[Start of Attachment]

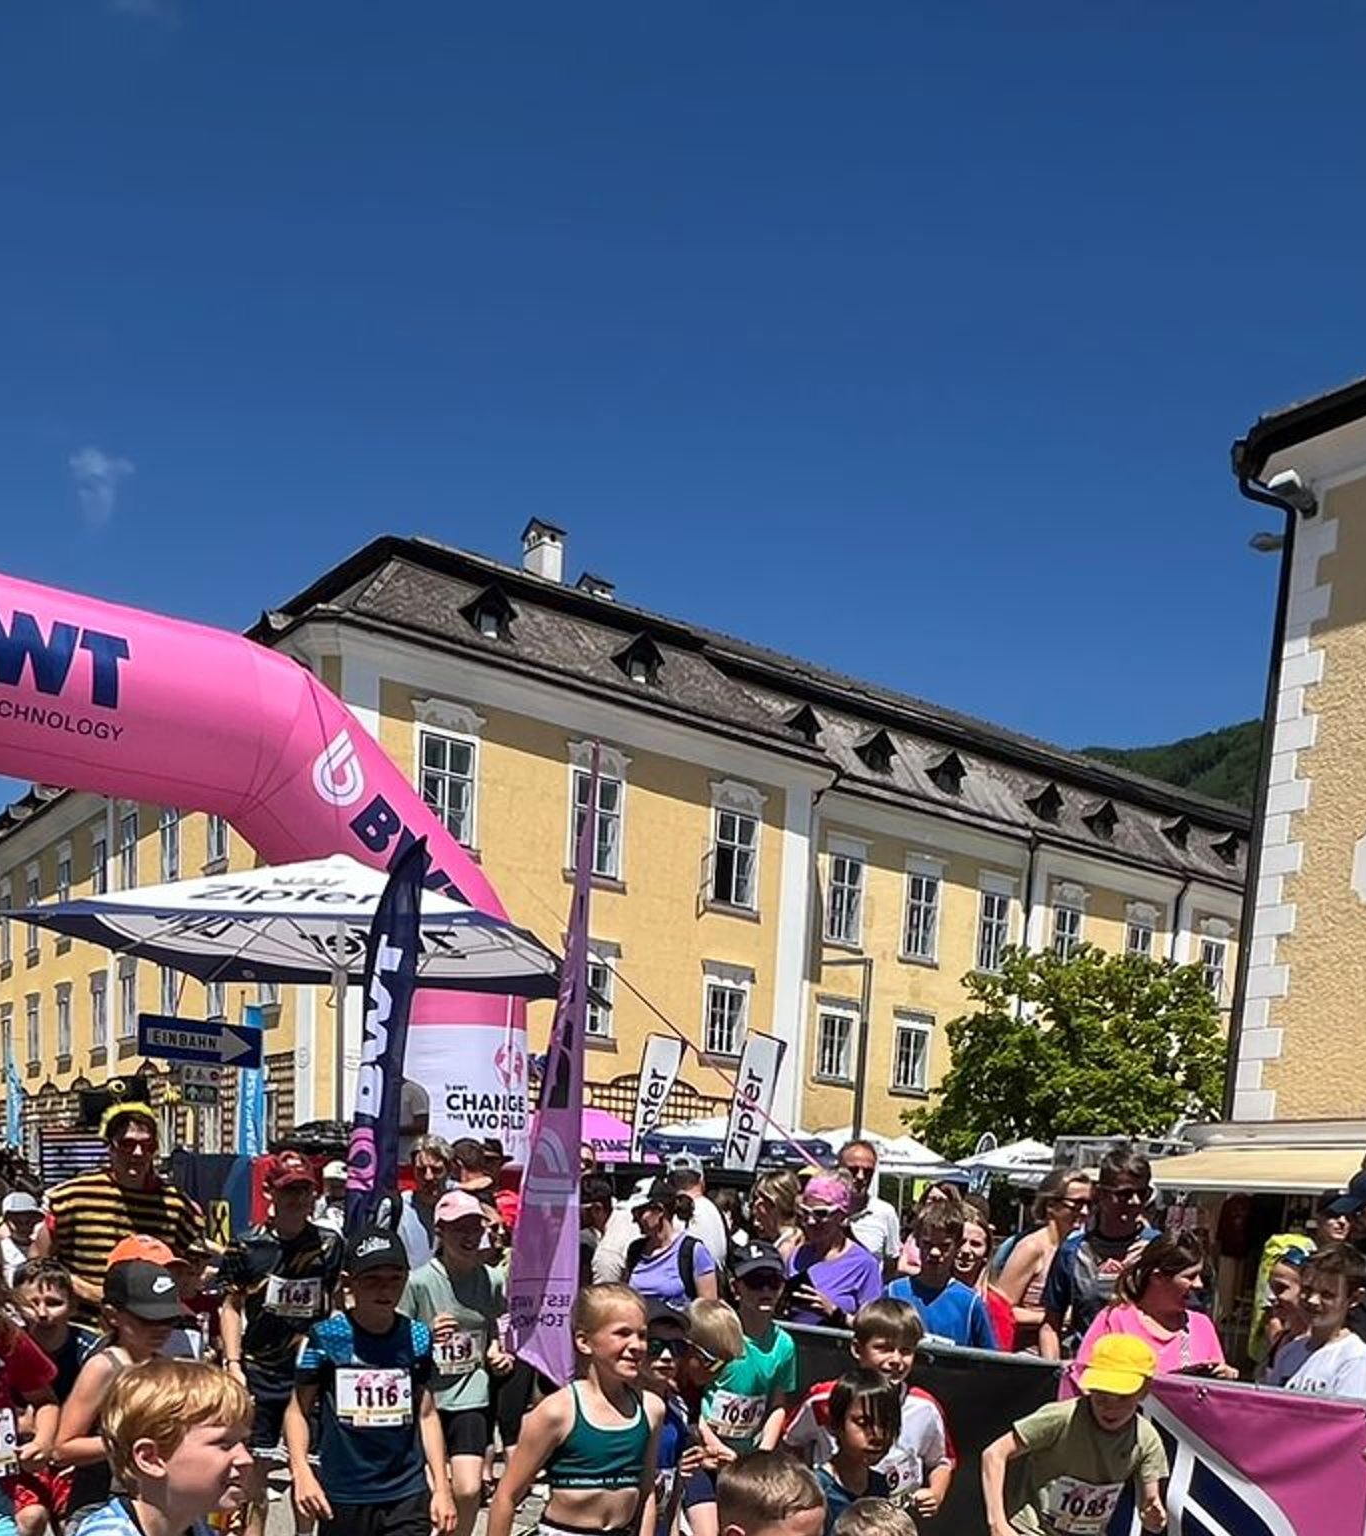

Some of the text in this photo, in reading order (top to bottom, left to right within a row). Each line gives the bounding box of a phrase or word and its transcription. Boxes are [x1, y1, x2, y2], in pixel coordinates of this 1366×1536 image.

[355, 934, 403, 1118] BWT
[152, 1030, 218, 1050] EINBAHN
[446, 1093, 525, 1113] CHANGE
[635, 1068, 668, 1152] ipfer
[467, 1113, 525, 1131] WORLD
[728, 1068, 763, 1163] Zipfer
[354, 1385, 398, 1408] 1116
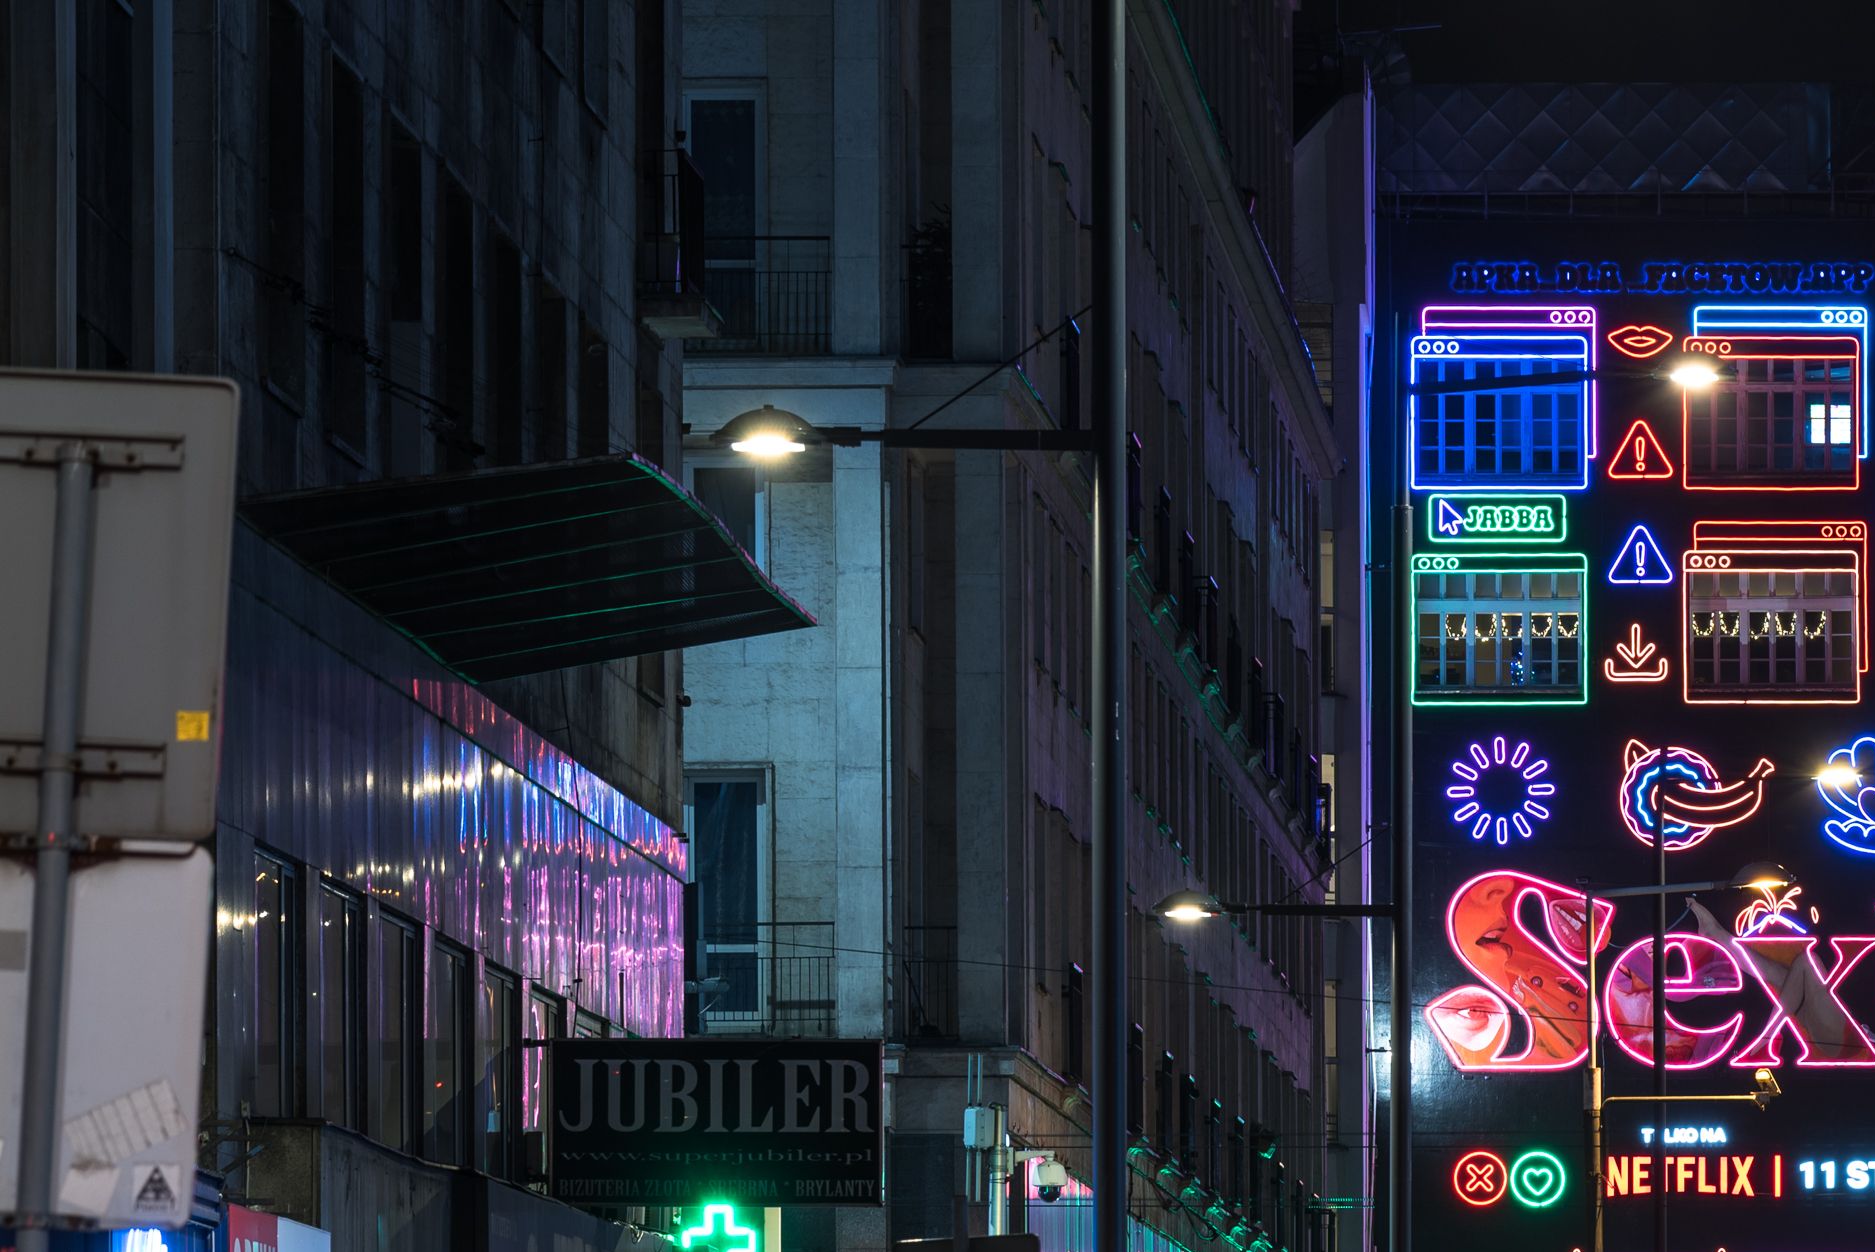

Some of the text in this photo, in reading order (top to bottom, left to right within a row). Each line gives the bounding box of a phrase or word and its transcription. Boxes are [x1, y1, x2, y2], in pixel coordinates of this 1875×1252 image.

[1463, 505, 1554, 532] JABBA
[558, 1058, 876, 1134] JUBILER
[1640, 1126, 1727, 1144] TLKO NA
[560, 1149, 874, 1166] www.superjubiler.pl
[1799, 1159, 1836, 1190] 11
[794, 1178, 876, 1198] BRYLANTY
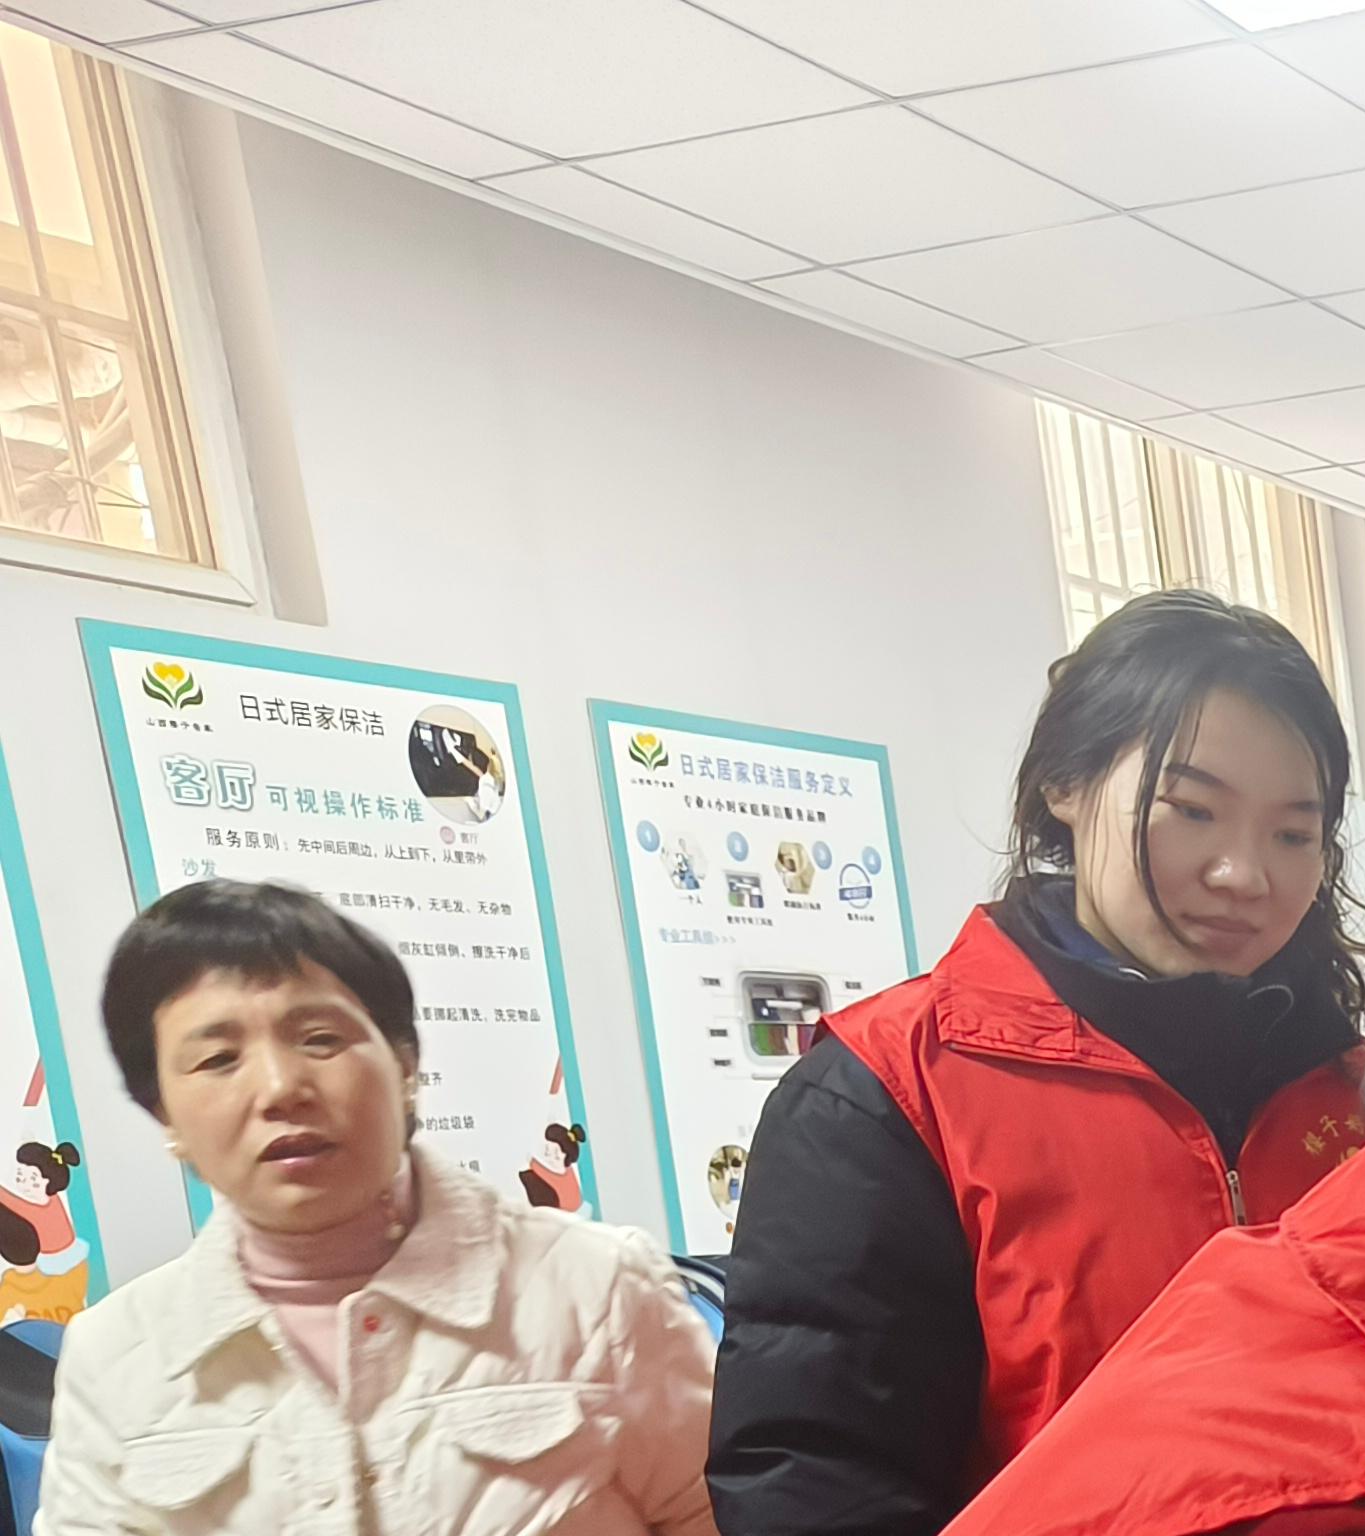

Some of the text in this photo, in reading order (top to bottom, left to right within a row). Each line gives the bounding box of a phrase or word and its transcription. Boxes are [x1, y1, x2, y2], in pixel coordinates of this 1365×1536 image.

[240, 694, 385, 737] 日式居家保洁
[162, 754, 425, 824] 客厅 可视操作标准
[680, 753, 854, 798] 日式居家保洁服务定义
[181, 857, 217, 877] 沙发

[End of Attachment]

*WHAT YOU NEED TO DO*
Set down the material above as is, without any pictures.

*SOLUTION TO THE PROBLEM*
Some of the text in this photo, in reading order (top to bottom, left to right within a row). Each line gives the bounding box of a phrase or word and its transcription. Boxes are [x1, y1, x2, y2], in pixel coordinates of this 1366×1536 image.

[355, 934, 403, 1118] BWT
[152, 1030, 218, 1050] EINBAHN
[446, 1093, 525, 1113] CHANGE
[635, 1068, 668, 1152] ipfer
[467, 1113, 525, 1131] WORLD
[728, 1068, 763, 1163] Zipfer
[354, 1385, 398, 1408] 1116

Some of the text in this photo, in reading order (top to bottom, left to right within a row). Each line gives the bounding box of a phrase or word and its transcription. Boxes are [x1, y1, x2, y2], in pixel coordinates of this 1875×1252 image.

[1463, 505, 1554, 532] JABBA
[558, 1058, 876, 1134] JUBILER
[1640, 1126, 1727, 1144] TLKO NA
[560, 1149, 874, 1166] www.superjubiler.pl
[1799, 1159, 1836, 1190] 11
[794, 1178, 876, 1198] BRYLANTY

Some of the text in this photo, in reading order (top to bottom, left to right within a row). Each line gives the bounding box of a phrase or word and its transcription. Boxes are [x1, y1, x2, y2], in pixel coordinates of this 1365×1536 image.

[240, 694, 385, 737] 日式居家保洁
[162, 754, 425, 824] 客厅 可视操作标准
[680, 753, 854, 798] 日式居家保洁服务定义
[181, 857, 217, 877] 沙发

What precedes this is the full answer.